*** Block opens ***

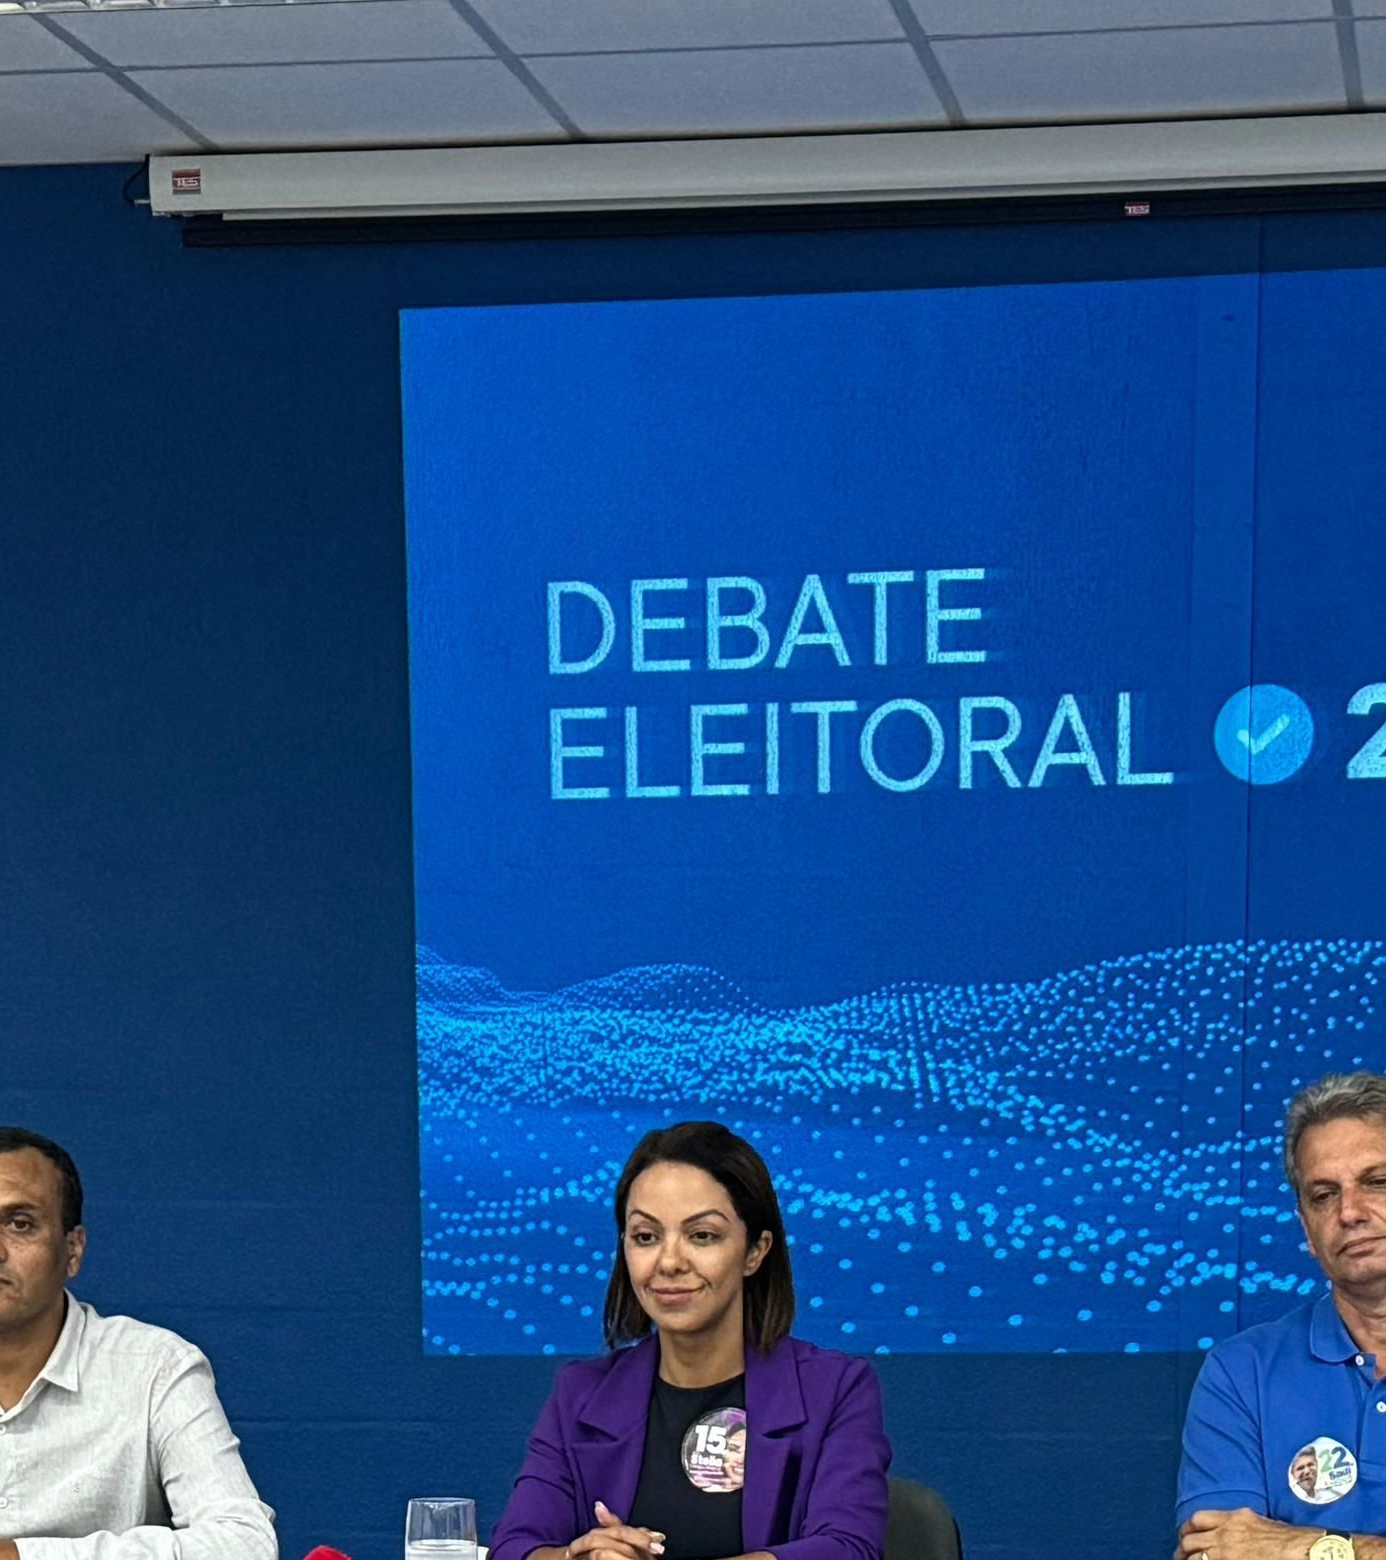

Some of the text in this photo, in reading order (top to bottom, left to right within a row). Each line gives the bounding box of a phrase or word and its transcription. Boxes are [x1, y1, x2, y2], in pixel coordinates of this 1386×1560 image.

[546, 568, 987, 674] DEBATE
[549, 692, 1175, 800] ELEITORAL
[695, 1424, 727, 1455] 15
[1318, 1446, 1351, 1473] 22

*** Block closes ***

ASSIGNMENT:
Above are the records; repeat them exactly, omitting every picture.

SOLUTION BELOW:
Some of the text in this photo, in reading order (top to bottom, left to right within a row). Each line gives the bounding box of a phrase or word and its transcription. Boxes are [x1, y1, x2, y2], in pixel coordinates of this 1386×1560 image.

[546, 568, 987, 674] DEBATE
[549, 692, 1175, 800] ELEITORAL
[695, 1424, 727, 1455] 15
[1318, 1446, 1351, 1473] 22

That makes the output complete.